CASE OF KAYA AND OTHERS v. TÜRKİYE

(Applications nos. 3715/17 and 3 others –

see appended list)

JUDGMENT

STRASBOURG

10 February 2026

This judgment is final but it may be subject to editorial revision.


In the case of Kaya and Others v. Türkiye,

The European Court of Human Rights (Second Section), sitting as a Committee composed of:

Jovan Ilievski, President,
Péter Paczolay,
Juha Lavapuro, judges,
and Dorothee von Arnim, Deputy Section Registrar,

Having regard to:

the applications against the Republic of Türkiye lodged with the Court under Article 34 of the Convention for the Protection of Human Rights and Fundamental Freedoms (“the Convention”) by the applicants listed in the appended table (“the applicants”), on the various dates indicated therein;

the decision to give notice of the complaints concerning Article 6 § 1 of the Convention to the Turkish Government (“the Government”), represented by their Agent at the time, Mr Hacı Ali Açıkgül, former Head of the Department of Human Rights of the Ministry of Justice of the Republic of Türkiye, and to declare the remainder of the applications inadmissible;

the parties’ observations;

the decision to dismiss the Government’s objection to the examination of the applications by a Committee;

Having deliberated in private on 20 January 2026,

Delivers the following judgment, which was adopted on that date:

SUBJECT MATTER OF THE CASE

1. The present applications concern the lack of access to a court for the applicants in relation to the premature and allegedly arbitrary termination of their terms of office at the Court of Cassation and the Supreme Administrative Court following the entry into force of Law no. 6723 (see paragraph 3 below). The applicants complained of a violation of their right of access to a court under Article 6 § 1 of the Convention alone or read in conjunction with Article 13 of the Convention.

2. At the material time the applicants were judges, sitting as members of either the Court of Cassation (the applicants in applications nos. 3715/17, 15898/17 and 18850/17) or the Supreme Administrative Court (the applicant in application no. 13106/17).

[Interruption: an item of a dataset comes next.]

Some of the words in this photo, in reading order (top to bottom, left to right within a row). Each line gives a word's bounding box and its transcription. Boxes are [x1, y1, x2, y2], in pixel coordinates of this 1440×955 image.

3. On 1 July 2016 the Turkish Grand National Assembly adopted Law no. 6723, which amended certain laws in order to change the number of chambers, and the number of members of those chambers, of the Court of Cassation and of the Supreme Administrative Court, in the light of the establishment of a three-tier judicial system with the creation of appeal courts. Article 22 of Law no. 6723 – which entered into force upon its publication in the Official Gazette on 23 July 2016 – inserted a provisional Article 15 into Law no. 2797 on the Court of Cassation. Similarly, Article 12 of Law no. 6723 inserted a provisional Article 27 into Law no. 2575 on the Supreme Administrative Court. Those provisions terminated the terms of office of all members of the Court of Cassation and the Supreme Administrative Court respectively, with a few exceptions. The applicants were among the members of the above-mentioned courts whose terms of office were brought to an end by Law no. 6723 (for the context of the adoption of the Law and its content, see Sözen v. Türkiye, no. 73532/16, §§ 511, 9 April 2024).

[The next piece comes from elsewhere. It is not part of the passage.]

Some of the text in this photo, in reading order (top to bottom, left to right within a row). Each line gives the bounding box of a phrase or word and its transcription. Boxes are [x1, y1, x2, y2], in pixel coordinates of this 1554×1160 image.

4. On 25 July 2016 the High Council of Judges and Prosecutors (“the HSYK”) – which was later renamed the Council of Judges and Prosecutors – appointed new members to the Court of Cassation and the Supreme Administrative Court. As the applicants in the present case were not among those reappointed, they were reassigned as judges to various other courts.

5. Only the applicant in application no. 15898/17 lodged an individual application with the Constitutional Court in relation to the termination of his term of office. His application was dismissed on 24 July 2017 for nonexhaustion of domestic remedies because he had not applied to the Inquiry Commission on the State of Emergency Measures (for the background to the creation of the Commission, see Köksal v. Turkey (dec.), no. 70478/16, § 16, 6 June 2017).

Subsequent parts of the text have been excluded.